Persecution, he said, was coming. There had been a riot or two already. But persecution was not to be feared. It would no doubt cause apostasies, as it had always done, but these were deplorable only on account of the individual apostates. On the other hand, it would reassure the faithful; and purge out the half-hearted. Once, in the early ages, Satan’s attack had been made on the bodily side, with whips and fire and beasts; in the sixteenth century it had been on the intellectual side; in the twentieth century on the springs of moral and spiritual life. Now it seemed as if the assault was on all three planes at once. But what was chiefly to be feared was the positive influence of Humanitarianism: it was coming, like the kingdom of God, with power; it was crushing the imaginative and the romantic, it was assuming rather than asserting its own truth; it was smothering with bolsters instead of wounding and stimulating with steel or controversy. It seemed to be forcing its way, almost objectively, into the inner world. Persons who had scarcely heard its name were professing its tenets; priests absorbed it, as they absorbed God in Communion–he mentioned the names of the recent apostates–children drank it in like Christianity itself. The soul “naturally Christian” seemed to be becoming “the soul naturally infidel.” Persecution, cried the priest, was to be welcomed like salvation, prayed for, and grasped; but he feared that the authorities were too shrewd, and knew the antidote and the poison apart. There might be individual martyrdoms–in fact there would be, and very many–but they would be in spite of secular government, not because of it. Finally, he expected, Humanitarianism would presently put on the dress of liturgy and sacrifice, and when that was done, the Church’s cause, unless God intervened, would be over.
Percy sat back, trembling.
“Yes, my son. And what do you think should be done?”
Percy flung out his hands.
“Holy Father–the mass, prayer, the rosary. These first and last. The world denies their power: it is on their power that Christians must throw all their weight. All things in Jesus Christ–in Jesus Christ, first and last. Nothing else can avail. He must do all, for we can do nothing.”
The white head bowed. Then it rose erect.
“Yes, my son.... But so long as Jesus Christ deigns to use us, we must be used. He is Prophet and King as well as Priest. We then, too, must be prophet and king as well as priest. What of Prophecy and Royalty?”

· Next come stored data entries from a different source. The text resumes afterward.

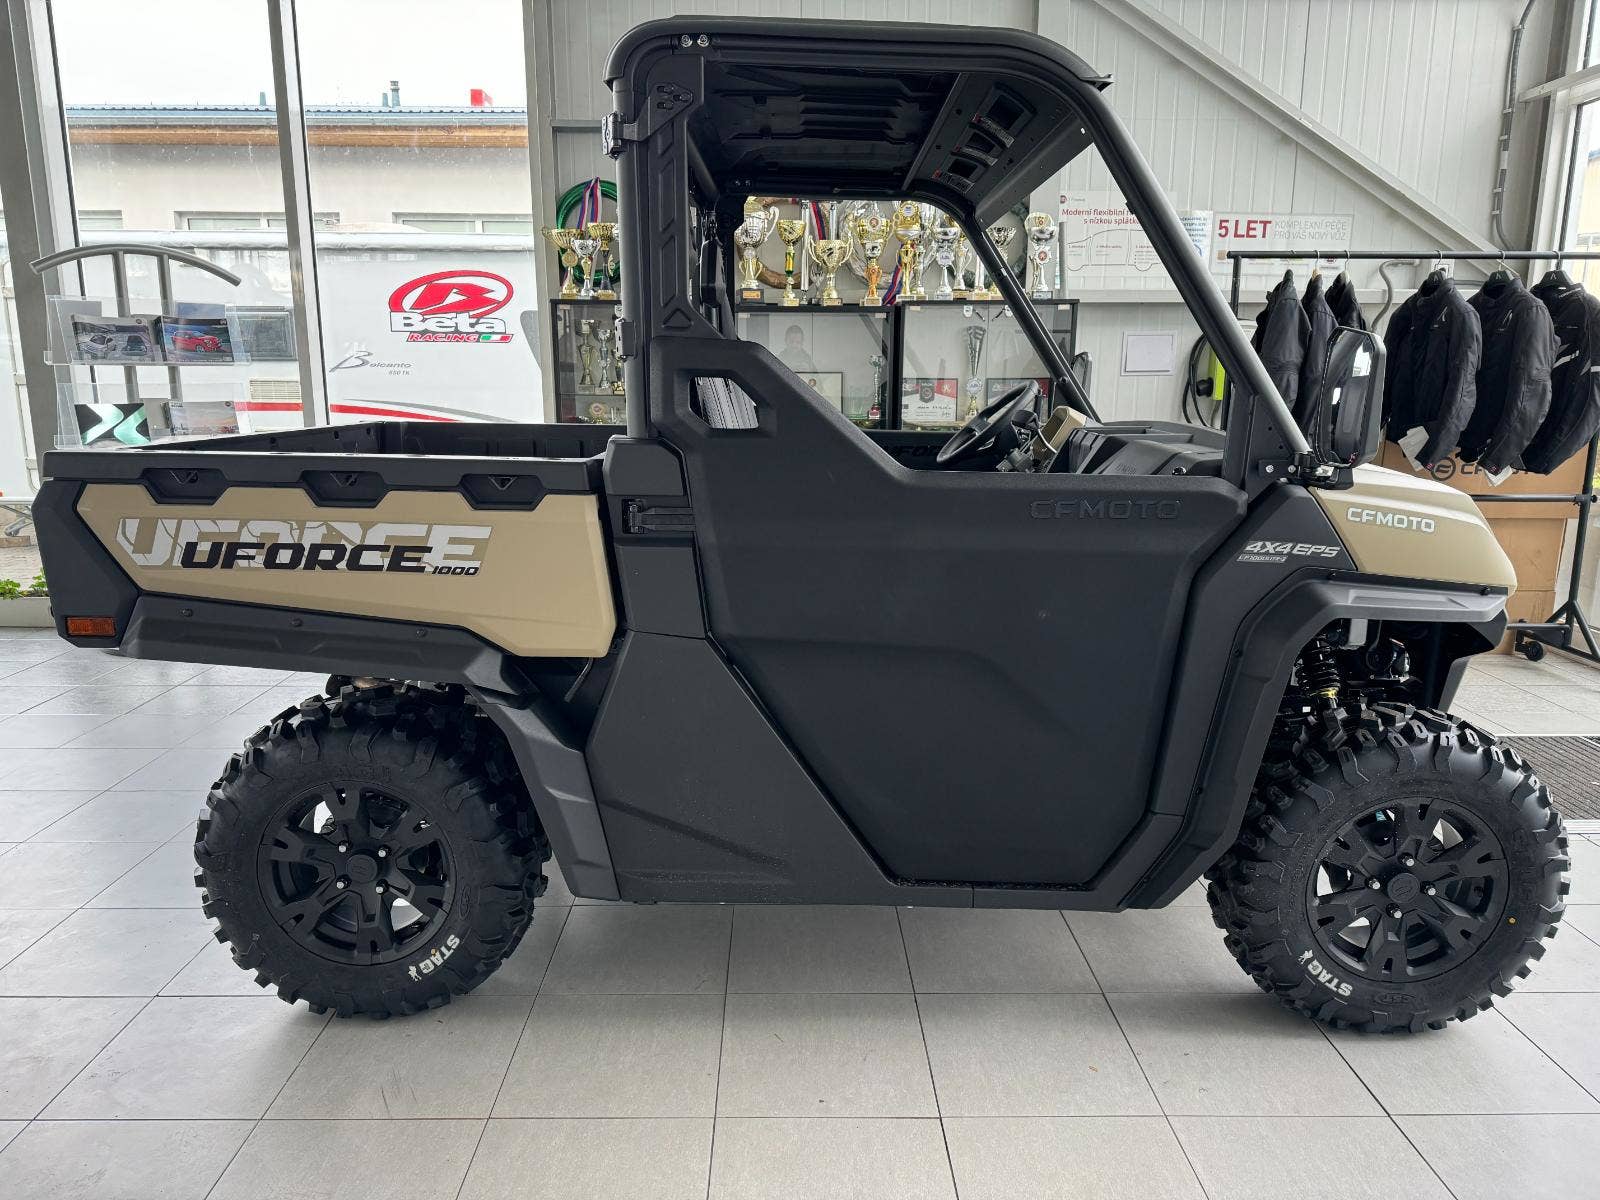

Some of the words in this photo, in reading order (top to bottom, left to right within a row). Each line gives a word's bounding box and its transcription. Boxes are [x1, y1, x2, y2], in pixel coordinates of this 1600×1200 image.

[1061, 208, 1091, 216] Moderní
[1093, 208, 1125, 216] flexibilní
[1089, 217, 1112, 225] nízkou
[1218, 219, 1229, 238] 5
[1233, 219, 1272, 238] LET
[1273, 230, 1291, 240] PRO
[390, 311, 506, 334] Beta
[408, 333, 478, 342] RACING
[1029, 499, 1183, 520] CFMOTO
[1347, 507, 1436, 534] CFMOTO
[180, 541, 433, 573] UFORCE
[431, 565, 480, 576] 1000
[418, 934, 460, 974] STAG
[1307, 959, 1353, 996] STAG
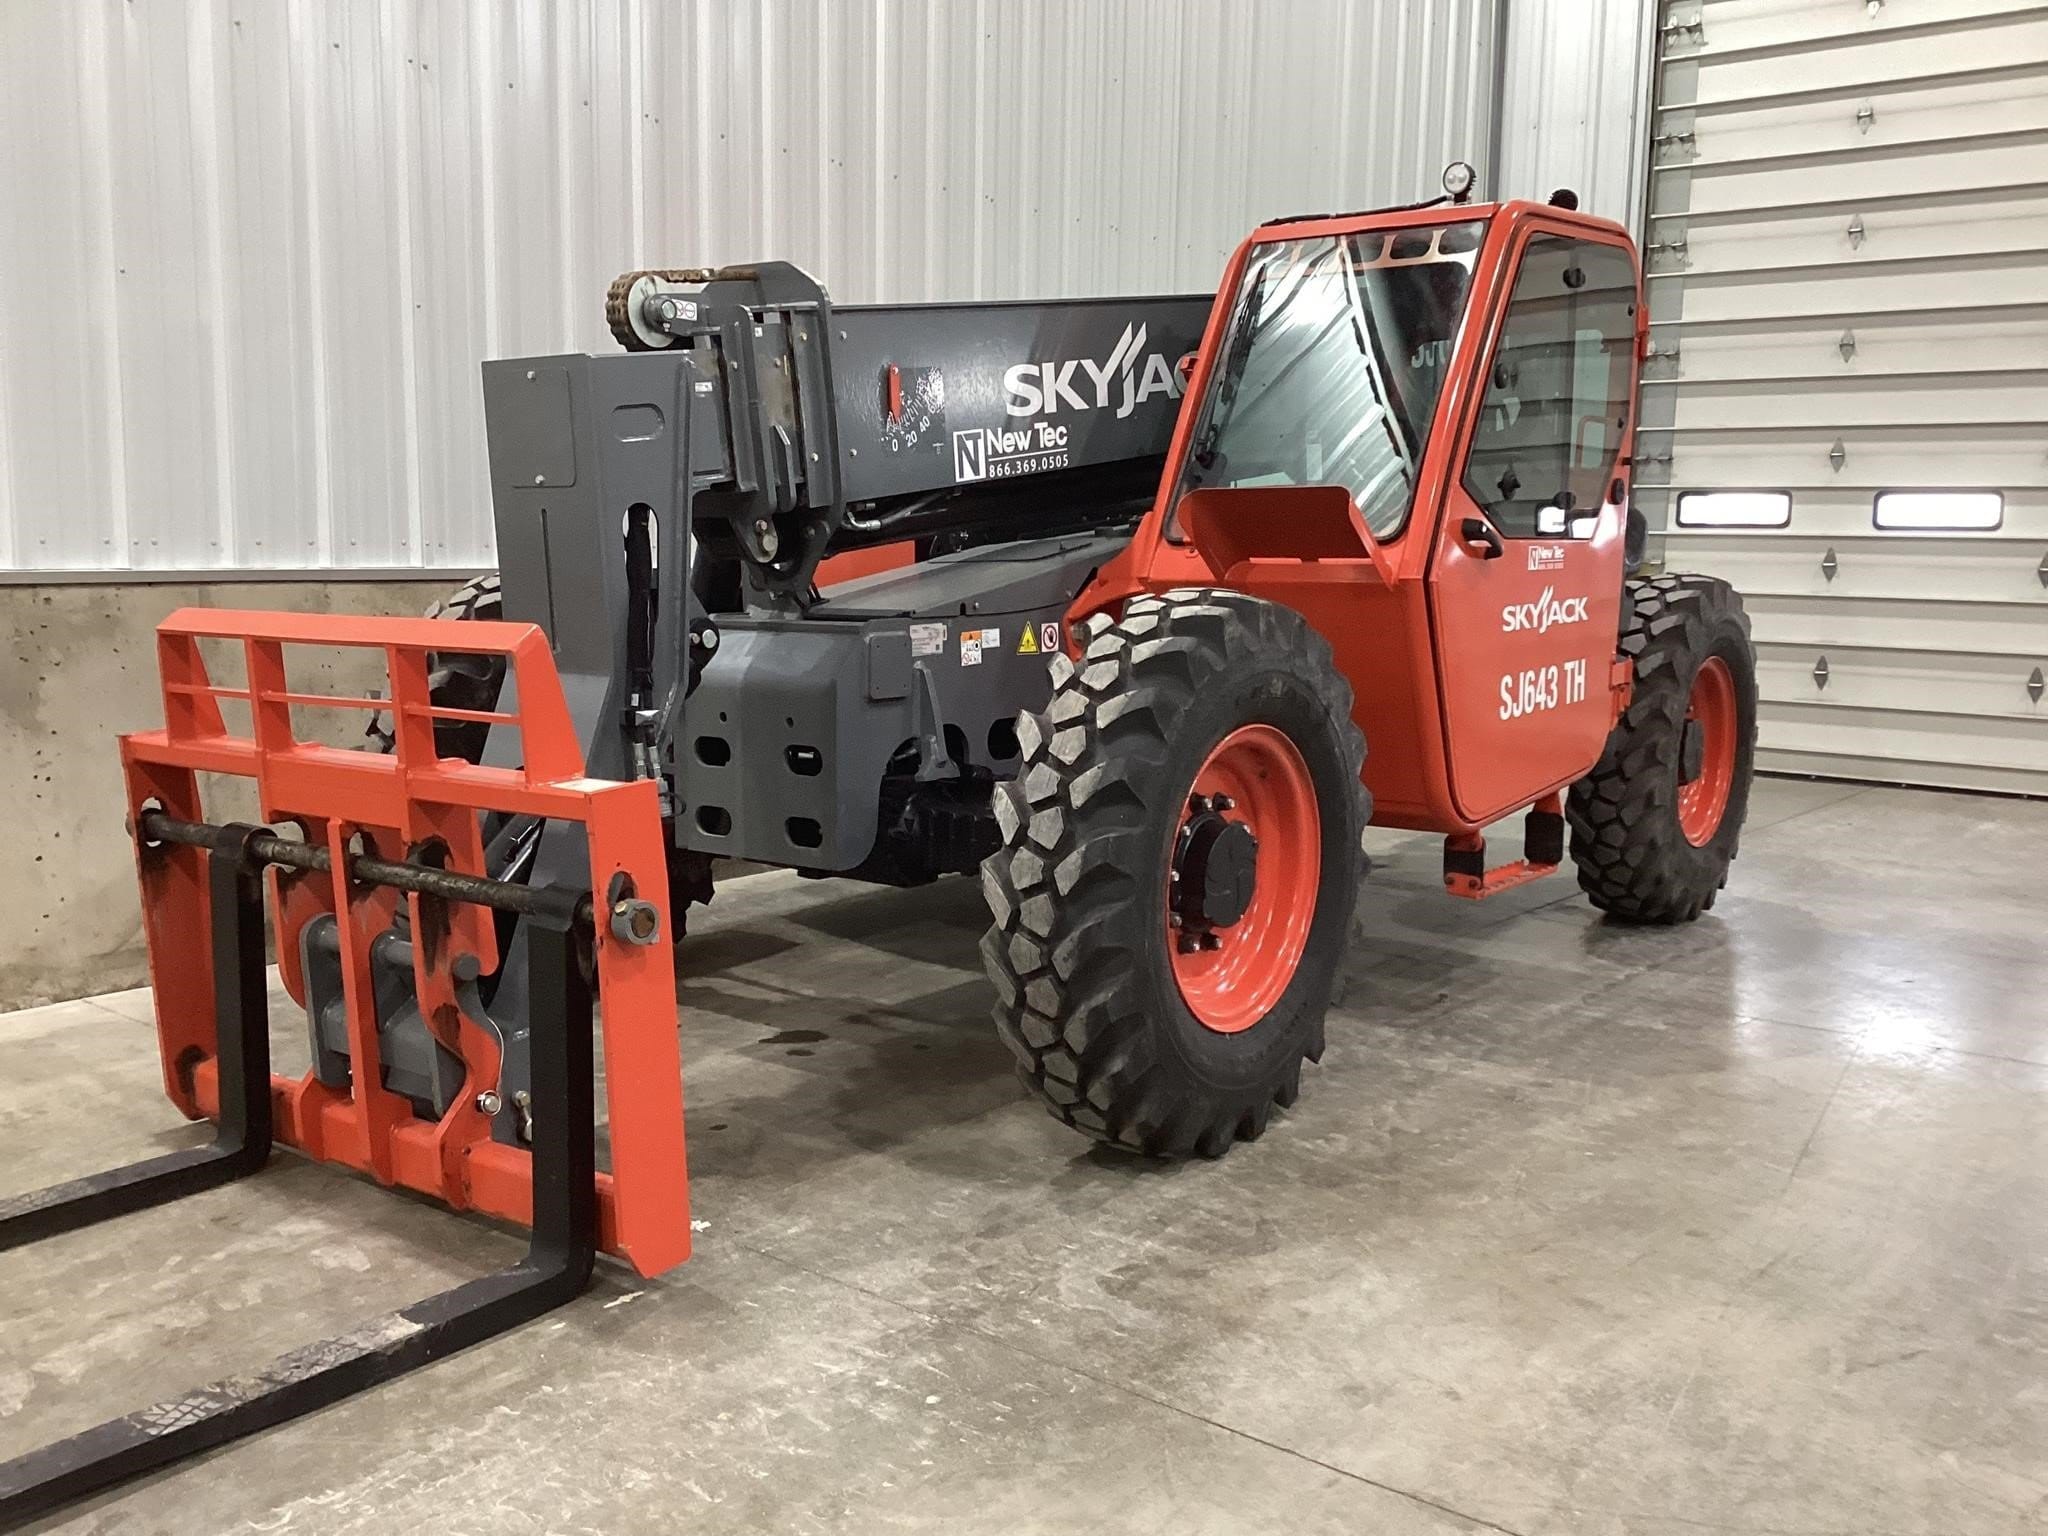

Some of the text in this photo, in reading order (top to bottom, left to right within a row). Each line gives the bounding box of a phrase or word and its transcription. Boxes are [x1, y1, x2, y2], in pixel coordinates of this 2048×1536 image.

[892, 439, 899, 452] 0
[906, 431, 917, 447] 20
[987, 422, 1068, 455] New Tec
[989, 454, 1069, 478] 866.369.0505
[1502, 585, 1588, 634] SKYJACK
[1500, 659, 1586, 720] SJ643 TH

The voice thrilled Percy like a trumpet.
“Yes, Holiness.... For prophecy, then, let us preach charity; for Royalty, let us reign on crosses. We must love and suffer.... “ (He drew one sobbing breath.) “Your Holiness has preached charity always. Let charity then issue in good deeds. Let us be foremost in them; let us engage in trade honestly, in family life chastely, in government uprightly. And as for suffering–ah! Holiness!”
His old scheme leaped back to his mind, and stood poised there convincing and imperious.
“Yes, my son, speak plainly.”
“Your Holiness–it is old–old as Rome–every fool has desired it: a new Order, Holiness–a new Order,” he stammered.
The white hand dropped the paper-weight; the Pope leaned forward, looking intently at the priest.
“Yes, my son?”
Percy threw himself on his knees.
“A new Order, Holiness–no habit or badge–subject to your Holiness only–freer than Jesuits, poorer than Franciscans, more mortified than Carthusians: men and women alike–the three vows with the intention of martyrdom; the Pantheon for their Church; each bishop responsible for their sustenance; a lieutenant in each country.... (Holiness, it is the thought of a fool.) ... And Christ Crucified for their patron.”
The Pope stood up abruptly–so abruptly that Cardinal Martin sprang up too, apprehensive and terrified. It seemed that this young man had gone too far.
Then the Pope sat down again, extending his hand.
“God bless you, my son. You have leave to go.... Will your Eminence stay for a few minutes?”